## What you should do
Please reproduce exactly, and only, the lines from the one with "this 1224×1632 image." through the last line of the listing below, both ends included, leaving out the pictures.

## Information

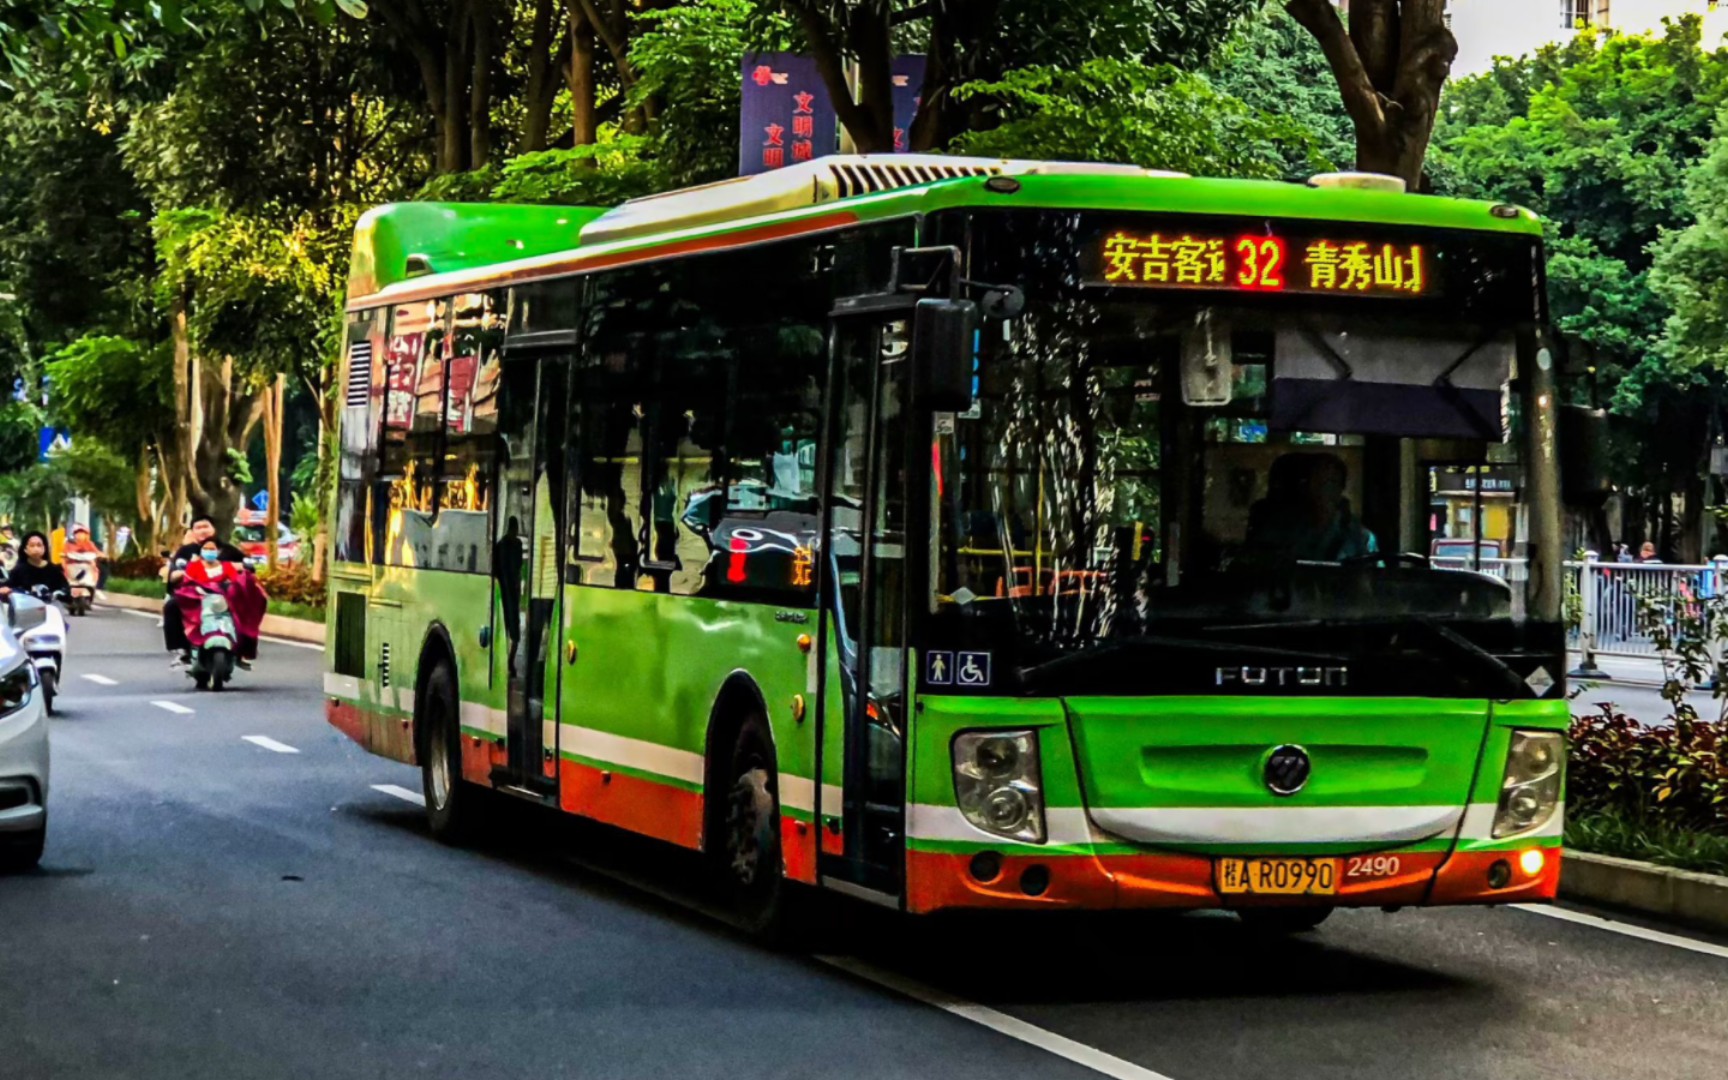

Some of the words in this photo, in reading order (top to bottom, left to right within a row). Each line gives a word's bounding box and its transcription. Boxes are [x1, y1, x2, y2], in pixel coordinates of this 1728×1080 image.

[1236, 239, 1281, 287] 32
[1216, 666, 1347, 686] FOTON
[1347, 856, 1400, 877] 2490
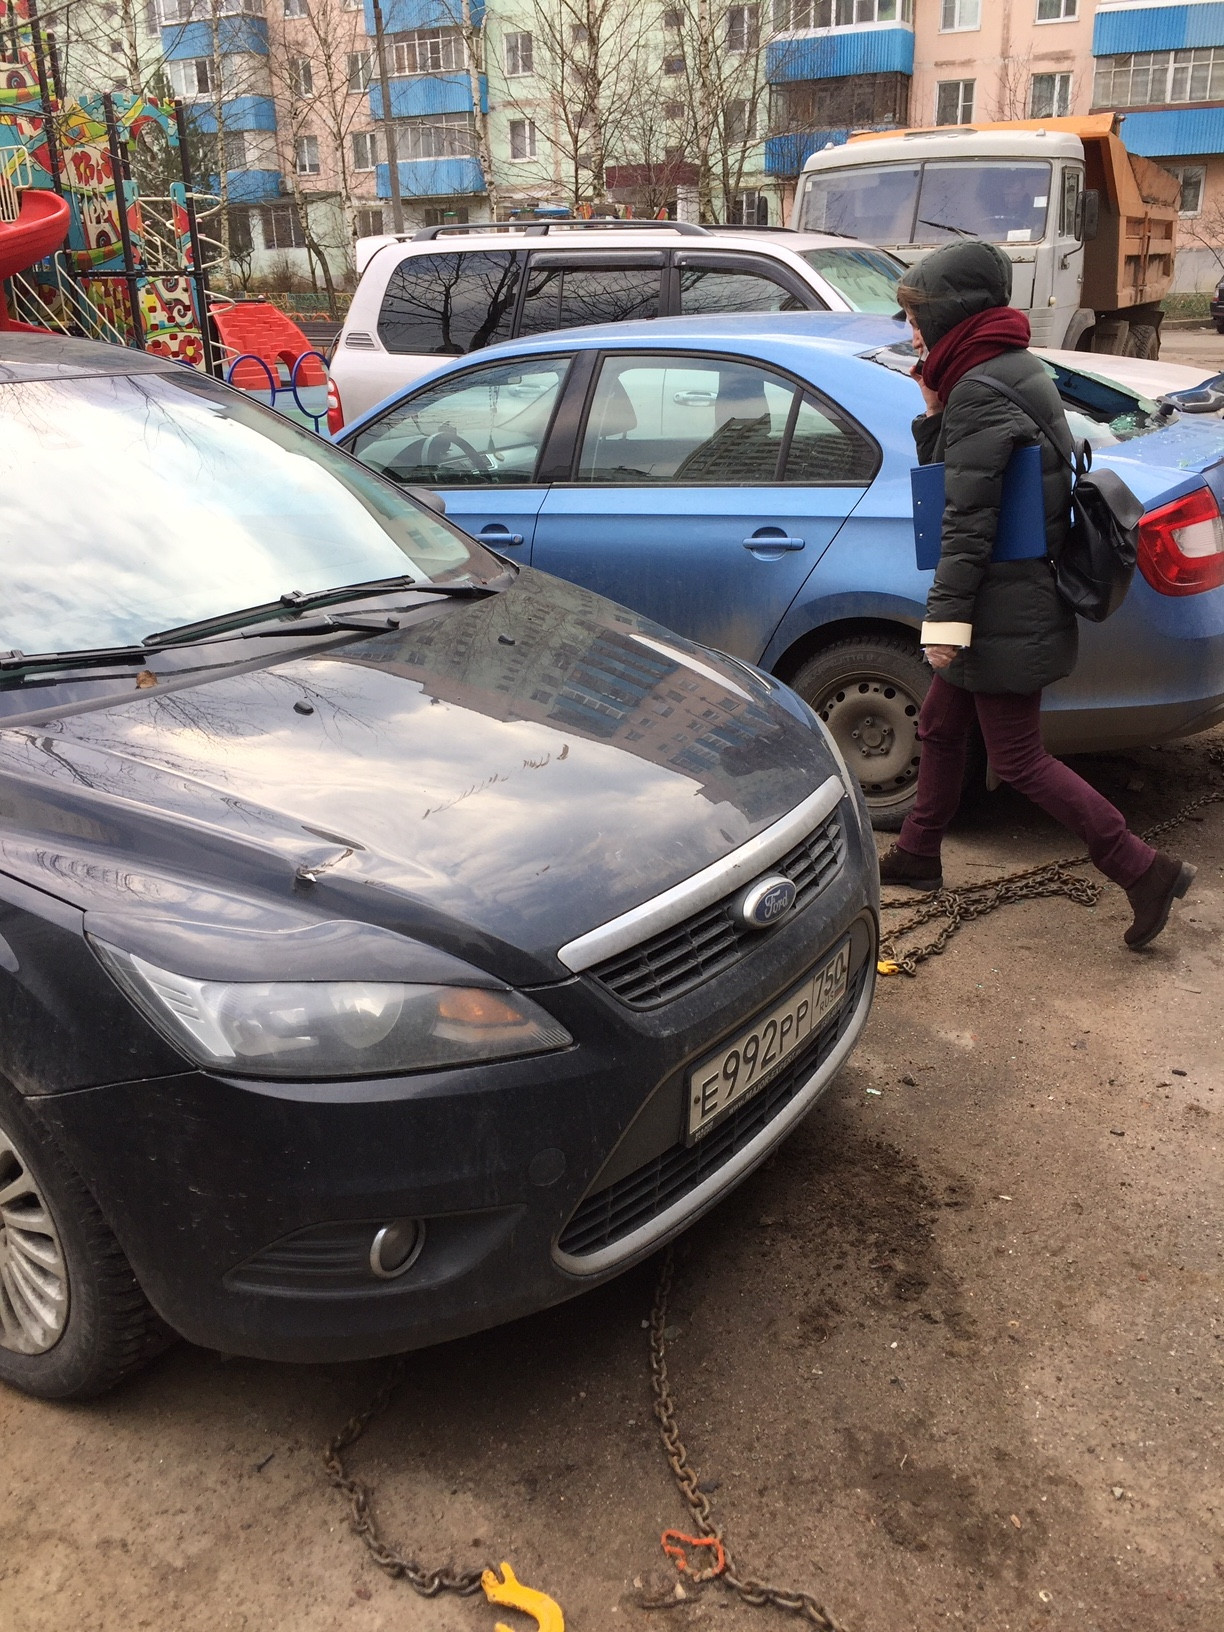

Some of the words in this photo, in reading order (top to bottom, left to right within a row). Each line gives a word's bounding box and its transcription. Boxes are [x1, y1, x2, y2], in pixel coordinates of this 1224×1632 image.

[765, 889, 788, 918] Ford
[815, 952, 844, 1008] 750
[819, 990, 835, 1015] RUS
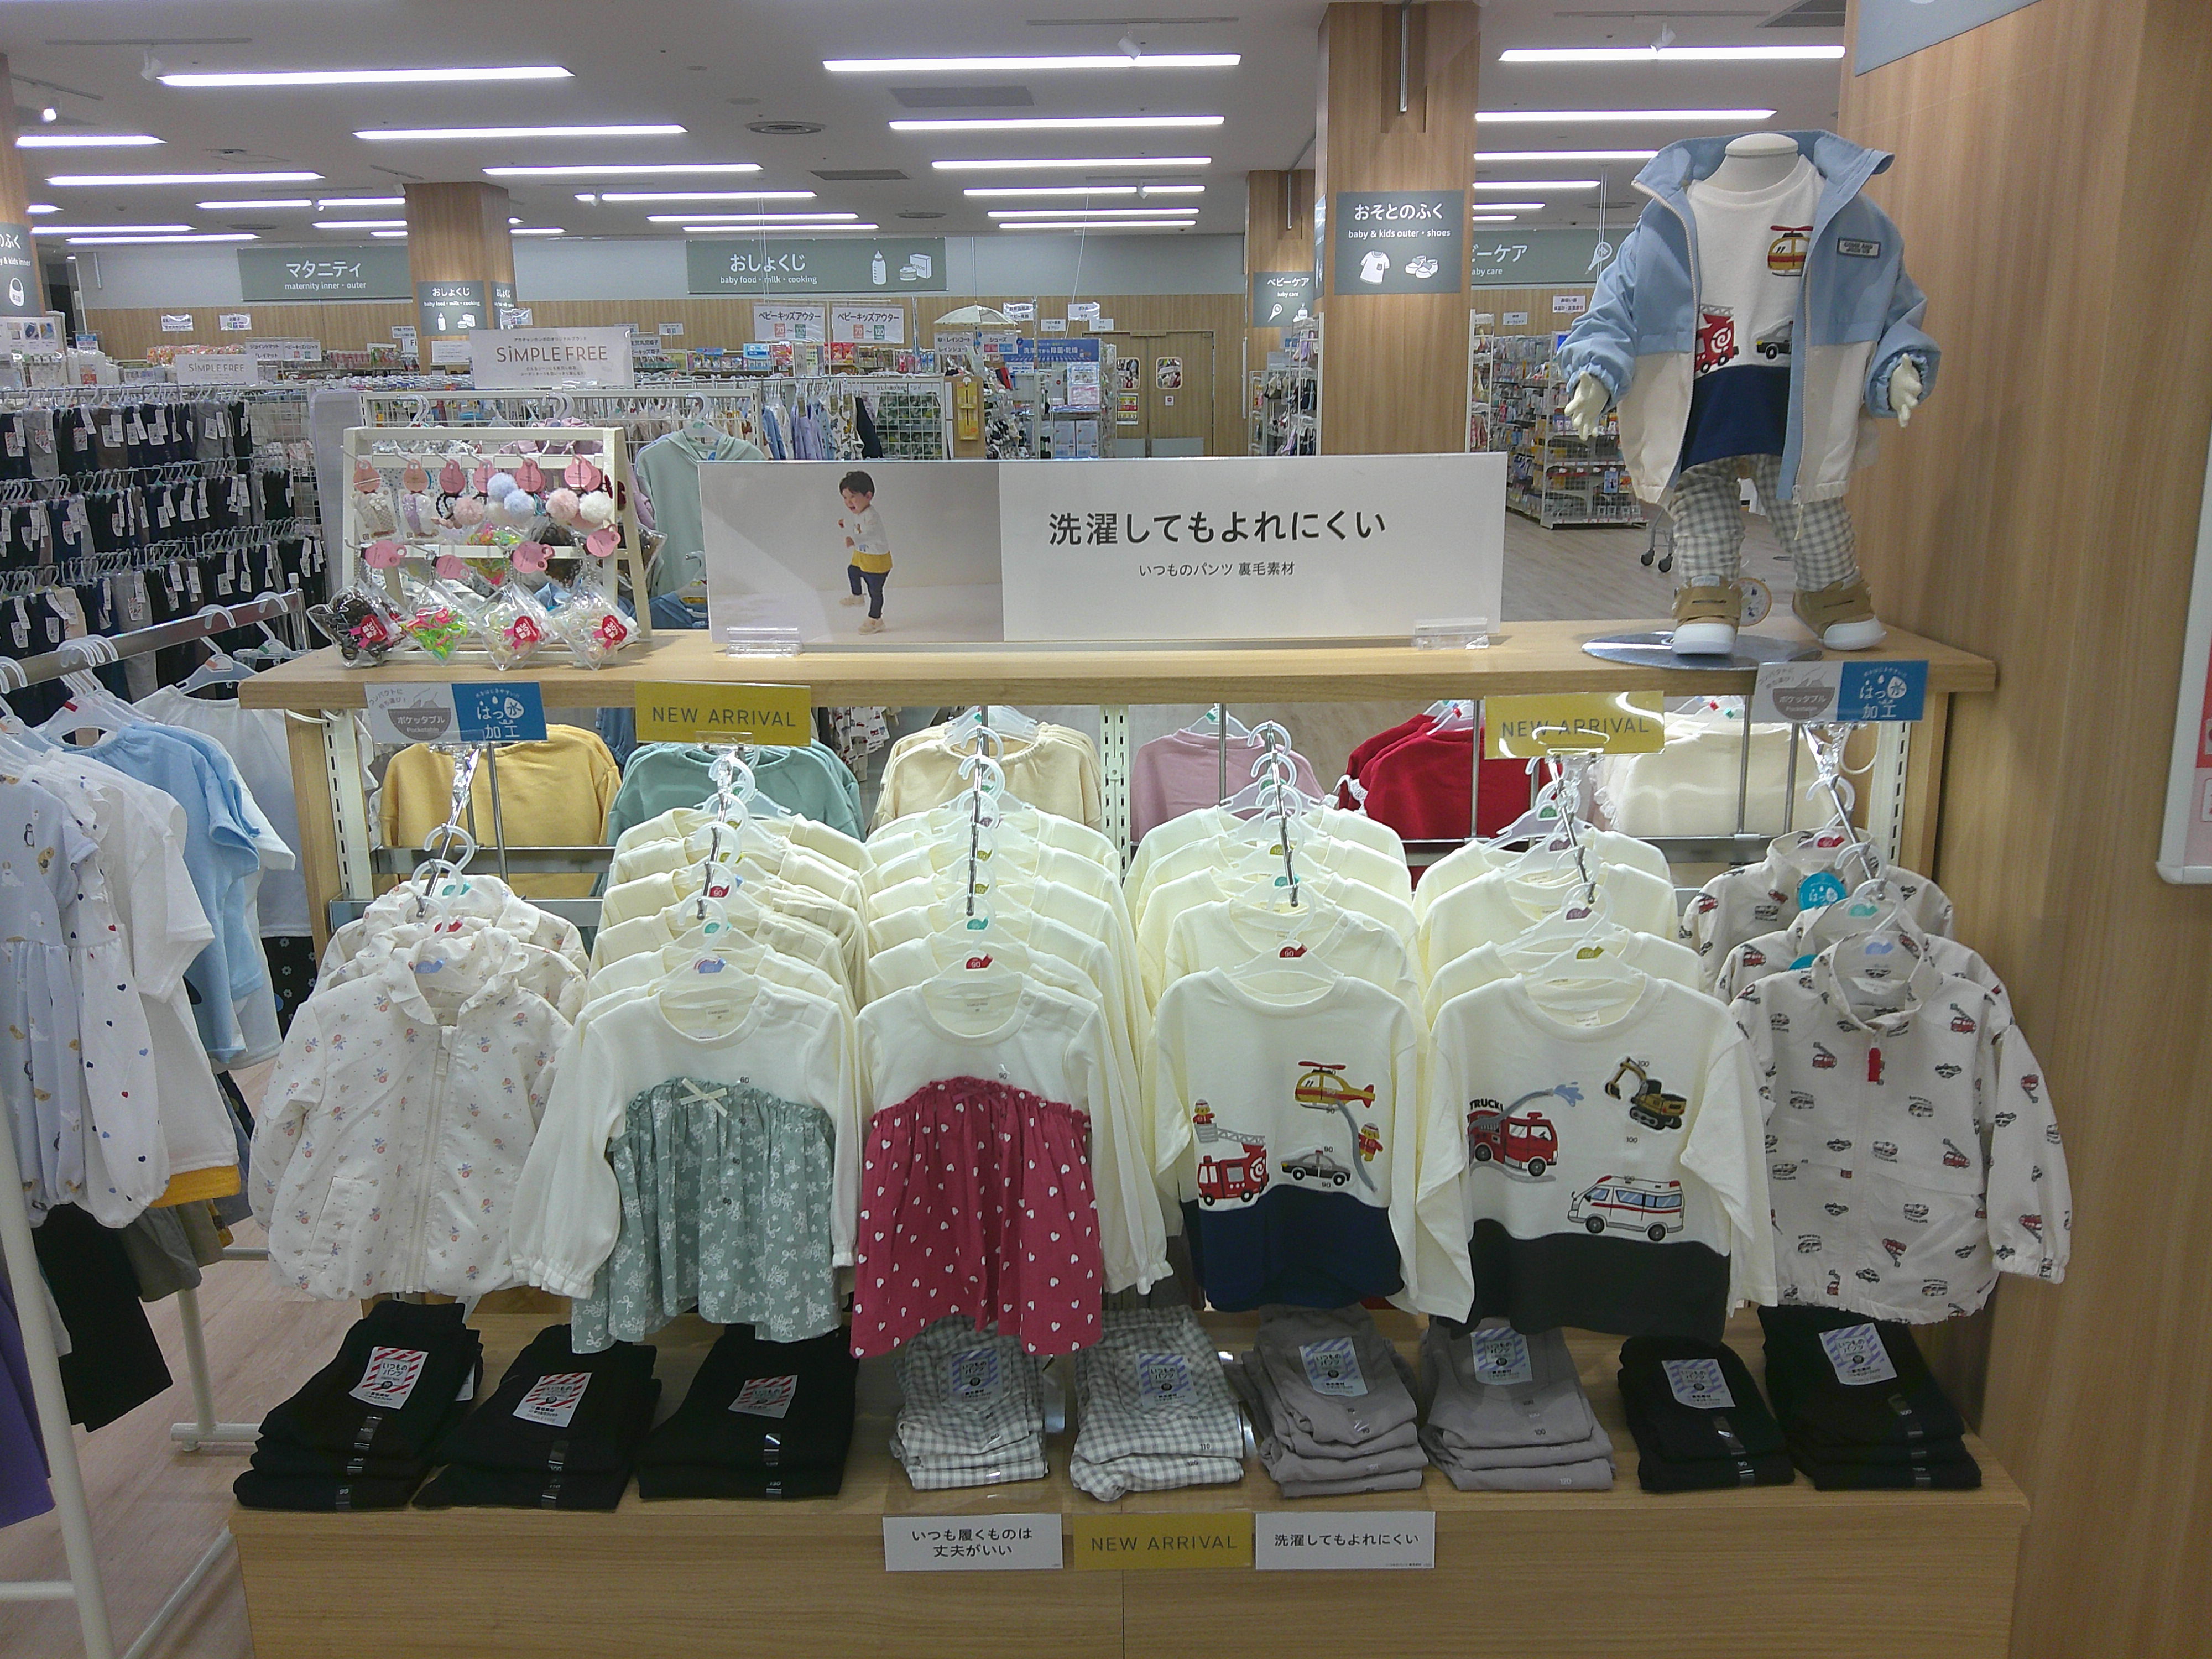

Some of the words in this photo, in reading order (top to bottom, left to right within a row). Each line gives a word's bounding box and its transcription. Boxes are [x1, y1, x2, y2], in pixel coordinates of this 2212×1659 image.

[1354, 203, 1443, 220] おそとのふく
[1348, 230, 1369, 240] baby
[1379, 229, 1395, 238] kids
[1427, 229, 1451, 237] shoes
[286, 260, 361, 278] マタニティ
[730, 253, 806, 272] おしょくじ
[285, 281, 319, 291] maternity
[720, 276, 738, 285] baby
[788, 275, 817, 285] cooking
[1267, 277, 1310, 288] ベビーケア
[432, 286, 470, 297] おしょくじ
[759, 311, 821, 321] ベビーキッズアウター
[837, 311, 900, 322] ベビーキッズアウター
[874, 328, 884, 336] 120
[566, 345, 608, 361] FREE
[223, 363, 244, 372] FREE
[1048, 508, 1387, 547] 洗濯してもよれにくい
[1139, 563, 1233, 578] いつものパンツ
[1238, 561, 1296, 577] 裏毛素材
[1778, 695, 1827, 703] ポケッタブル
[477, 700, 523, 720] はっ水
[653, 707, 700, 723] NEW
[708, 707, 797, 727] ARRIVAL
[1861, 704, 1897, 718] 加工
[398, 715, 445, 724] ポケッタブル
[485, 724, 520, 739] 加工
[1501, 721, 1550, 738] NEW
[1558, 717, 1650, 735] ARRIVAL
[382, 1363, 408, 1371] いつもの
[911, 1528, 1033, 1542] いつも履くものは
[1274, 1533, 1420, 1547] 洗濯してもよれにくい
[933, 1543, 1013, 1558] 丈夫がいい
[1091, 1537, 1138, 1552] NEW
[1147, 1535, 1238, 1551] ARRIVAL

## Worked solution
Some of the words in this photo, in reading order (top to bottom, left to right within a row). Each line gives a word's bounding box and its transcription. Boxes are [x1, y1, x2, y2], in pixel coordinates of this 1224×1632 image.

[765, 889, 788, 918] Ford
[815, 952, 844, 1008] 750
[819, 990, 835, 1015] RUS

Some of the words in this photo, in reading order (top to bottom, left to right within a row). Each line gives a word's bounding box and its transcription. Boxes are [x1, y1, x2, y2], in pixel coordinates of this 2212×1659 image.

[1354, 203, 1443, 220] おそとのふく
[1348, 230, 1369, 240] baby
[1379, 229, 1395, 238] kids
[1427, 229, 1451, 237] shoes
[286, 260, 361, 278] マタニティ
[730, 253, 806, 272] おしょくじ
[285, 281, 319, 291] maternity
[720, 276, 738, 285] baby
[788, 275, 817, 285] cooking
[1267, 277, 1310, 288] ベビーケア
[432, 286, 470, 297] おしょくじ
[759, 311, 821, 321] ベビーキッズアウター
[837, 311, 900, 322] ベビーキッズアウター
[874, 328, 884, 336] 120
[566, 345, 608, 361] FREE
[223, 363, 244, 372] FREE
[1048, 508, 1387, 547] 洗濯してもよれにくい
[1139, 563, 1233, 578] いつものパンツ
[1238, 561, 1296, 577] 裏毛素材
[1778, 695, 1827, 703] ポケッタブル
[477, 700, 523, 720] はっ水
[653, 707, 700, 723] NEW
[708, 707, 797, 727] ARRIVAL
[1861, 704, 1897, 718] 加工
[398, 715, 445, 724] ポケッタブル
[485, 724, 520, 739] 加工
[1501, 721, 1550, 738] NEW
[1558, 717, 1650, 735] ARRIVAL
[382, 1363, 408, 1371] いつもの
[911, 1528, 1033, 1542] いつも履くものは
[1274, 1533, 1420, 1547] 洗濯してもよれにくい
[933, 1543, 1013, 1558] 丈夫がいい
[1091, 1537, 1138, 1552] NEW
[1147, 1535, 1238, 1551] ARRIVAL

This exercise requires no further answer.